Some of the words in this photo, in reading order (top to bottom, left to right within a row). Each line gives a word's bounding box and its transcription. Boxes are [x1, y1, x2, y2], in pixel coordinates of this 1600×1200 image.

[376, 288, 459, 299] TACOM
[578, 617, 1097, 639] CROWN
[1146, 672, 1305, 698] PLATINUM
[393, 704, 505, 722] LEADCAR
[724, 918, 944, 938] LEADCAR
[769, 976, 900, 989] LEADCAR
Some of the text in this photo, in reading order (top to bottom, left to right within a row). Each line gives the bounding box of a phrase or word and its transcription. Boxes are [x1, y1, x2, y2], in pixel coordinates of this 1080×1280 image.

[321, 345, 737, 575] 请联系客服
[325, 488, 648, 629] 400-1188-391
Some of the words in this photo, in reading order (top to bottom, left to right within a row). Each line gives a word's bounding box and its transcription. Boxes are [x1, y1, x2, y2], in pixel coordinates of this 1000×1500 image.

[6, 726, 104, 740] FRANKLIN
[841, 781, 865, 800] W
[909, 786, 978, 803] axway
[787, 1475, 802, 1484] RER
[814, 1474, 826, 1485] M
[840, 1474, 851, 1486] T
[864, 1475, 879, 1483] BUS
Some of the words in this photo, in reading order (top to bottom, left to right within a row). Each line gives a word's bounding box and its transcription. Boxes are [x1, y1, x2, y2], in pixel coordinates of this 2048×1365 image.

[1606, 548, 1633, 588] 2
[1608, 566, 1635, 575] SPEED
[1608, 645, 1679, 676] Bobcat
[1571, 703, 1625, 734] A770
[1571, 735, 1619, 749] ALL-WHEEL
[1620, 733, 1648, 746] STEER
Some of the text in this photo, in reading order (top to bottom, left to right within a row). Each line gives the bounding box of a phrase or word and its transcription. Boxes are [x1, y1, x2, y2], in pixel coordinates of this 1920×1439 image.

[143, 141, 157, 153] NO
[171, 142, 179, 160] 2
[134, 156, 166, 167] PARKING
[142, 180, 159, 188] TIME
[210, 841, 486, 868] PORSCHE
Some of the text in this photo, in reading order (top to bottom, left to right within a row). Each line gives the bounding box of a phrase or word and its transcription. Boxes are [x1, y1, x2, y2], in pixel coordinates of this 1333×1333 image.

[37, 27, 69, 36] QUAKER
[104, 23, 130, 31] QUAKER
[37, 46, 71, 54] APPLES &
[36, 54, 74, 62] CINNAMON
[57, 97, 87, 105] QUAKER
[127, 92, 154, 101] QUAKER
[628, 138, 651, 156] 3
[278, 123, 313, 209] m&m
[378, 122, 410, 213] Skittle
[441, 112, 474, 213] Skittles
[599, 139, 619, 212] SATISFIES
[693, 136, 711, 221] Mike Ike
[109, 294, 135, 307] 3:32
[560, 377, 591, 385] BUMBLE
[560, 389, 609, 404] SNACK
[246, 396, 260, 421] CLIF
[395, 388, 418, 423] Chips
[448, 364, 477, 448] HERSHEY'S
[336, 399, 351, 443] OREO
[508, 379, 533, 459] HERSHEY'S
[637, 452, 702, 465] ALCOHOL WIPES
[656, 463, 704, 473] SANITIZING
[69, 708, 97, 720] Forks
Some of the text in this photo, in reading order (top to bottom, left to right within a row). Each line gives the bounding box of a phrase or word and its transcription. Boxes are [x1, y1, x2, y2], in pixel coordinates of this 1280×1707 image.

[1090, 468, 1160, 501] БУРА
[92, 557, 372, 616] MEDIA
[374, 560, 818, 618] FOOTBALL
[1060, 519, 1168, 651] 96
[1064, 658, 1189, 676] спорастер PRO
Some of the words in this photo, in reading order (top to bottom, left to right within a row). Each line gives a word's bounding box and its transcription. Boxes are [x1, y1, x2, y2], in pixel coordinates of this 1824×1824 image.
■ ■ ■ ■ ■
Action item –
Write the data above out again in full, with every word as given.

Reply –
Some of the words in this photo, in reading order (top to bottom, left to right within a row). Each line gives a word's bounding box and its transcription. Boxes are [x1, y1, x2, y2], in pixel coordinates of this 1600×1200 image.

[376, 288, 459, 299] TACOM
[578, 617, 1097, 639] CROWN
[1146, 672, 1305, 698] PLATINUM
[393, 704, 505, 722] LEADCAR
[724, 918, 944, 938] LEADCAR
[769, 976, 900, 989] LEADCAR
Some of the text in this photo, in reading order (top to bottom, left to right within a row). Each line gives the bounding box of a phrase or word and its transcription. Boxes are [x1, y1, x2, y2], in pixel coordinates of this 1080×1280 image.

[321, 345, 737, 575] 请联系客服
[325, 488, 648, 629] 400-1188-391
Some of the words in this photo, in reading order (top to bottom, left to right within a row). Each line gives a word's bounding box and its transcription. Boxes are [x1, y1, x2, y2], in pixel coordinates of this 1000×1500 image.

[6, 726, 104, 740] FRANKLIN
[841, 781, 865, 800] W
[909, 786, 978, 803] axway
[787, 1475, 802, 1484] RER
[814, 1474, 826, 1485] M
[840, 1474, 851, 1486] T
[864, 1475, 879, 1483] BUS
Some of the words in this photo, in reading order (top to bottom, left to right within a row). Each line gives a word's bounding box and its transcription. Boxes are [x1, y1, x2, y2], in pixel coordinates of this 2048×1365 image.

[1606, 548, 1633, 588] 2
[1608, 566, 1635, 575] SPEED
[1608, 645, 1679, 676] Bobcat
[1571, 703, 1625, 734] A770
[1571, 735, 1619, 749] ALL-WHEEL
[1620, 733, 1648, 746] STEER
Some of the text in this photo, in reading order (top to bottom, left to right within a row). Each line gives the bounding box of a phrase or word and its transcription. Boxes are [x1, y1, x2, y2], in pixel coordinates of this 1920×1439 image.

[143, 141, 157, 153] NO
[171, 142, 179, 160] 2
[134, 156, 166, 167] PARKING
[142, 180, 159, 188] TIME
[210, 841, 486, 868] PORSCHE
Some of the text in this photo, in reading order (top to bottom, left to right within a row). Each line gives the bounding box of a phrase or word and its transcription. Boxes are [x1, y1, x2, y2], in pixel coordinates of this 1333×1333 image.

[37, 27, 69, 36] QUAKER
[104, 23, 130, 31] QUAKER
[37, 46, 71, 54] APPLES &
[36, 54, 74, 62] CINNAMON
[57, 97, 87, 105] QUAKER
[127, 92, 154, 101] QUAKER
[628, 138, 651, 156] 3
[278, 123, 313, 209] m&m
[378, 122, 410, 213] Skittle
[441, 112, 474, 213] Skittles
[599, 139, 619, 212] SATISFIES
[693, 136, 711, 221] Mike Ike
[109, 294, 135, 307] 3:32
[560, 377, 591, 385] BUMBLE
[560, 389, 609, 404] SNACK
[246, 396, 260, 421] CLIF
[395, 388, 418, 423] Chips
[448, 364, 477, 448] HERSHEY'S
[336, 399, 351, 443] OREO
[508, 379, 533, 459] HERSHEY'S
[637, 452, 702, 465] ALCOHOL WIPES
[656, 463, 704, 473] SANITIZING
[69, 708, 97, 720] Forks
Some of the text in this photo, in reading order (top to bottom, left to right within a row). Each line gives the bounding box of a phrase or word and its transcription. Boxes are [x1, y1, x2, y2], in pixel coordinates of this 1280×1707 image.

[1090, 468, 1160, 501] БУРА
[92, 557, 372, 616] MEDIA
[374, 560, 818, 618] FOOTBALL
[1060, 519, 1168, 651] 96
[1064, 658, 1189, 676] спорастер PRO
Some of the words in this photo, in reading order (top to bottom, left to right within a row). Each line gives a word's bounding box and its transcription. Boxes are [x1, y1, x2, y2], in pixel coordinates of this 1824×1824 image.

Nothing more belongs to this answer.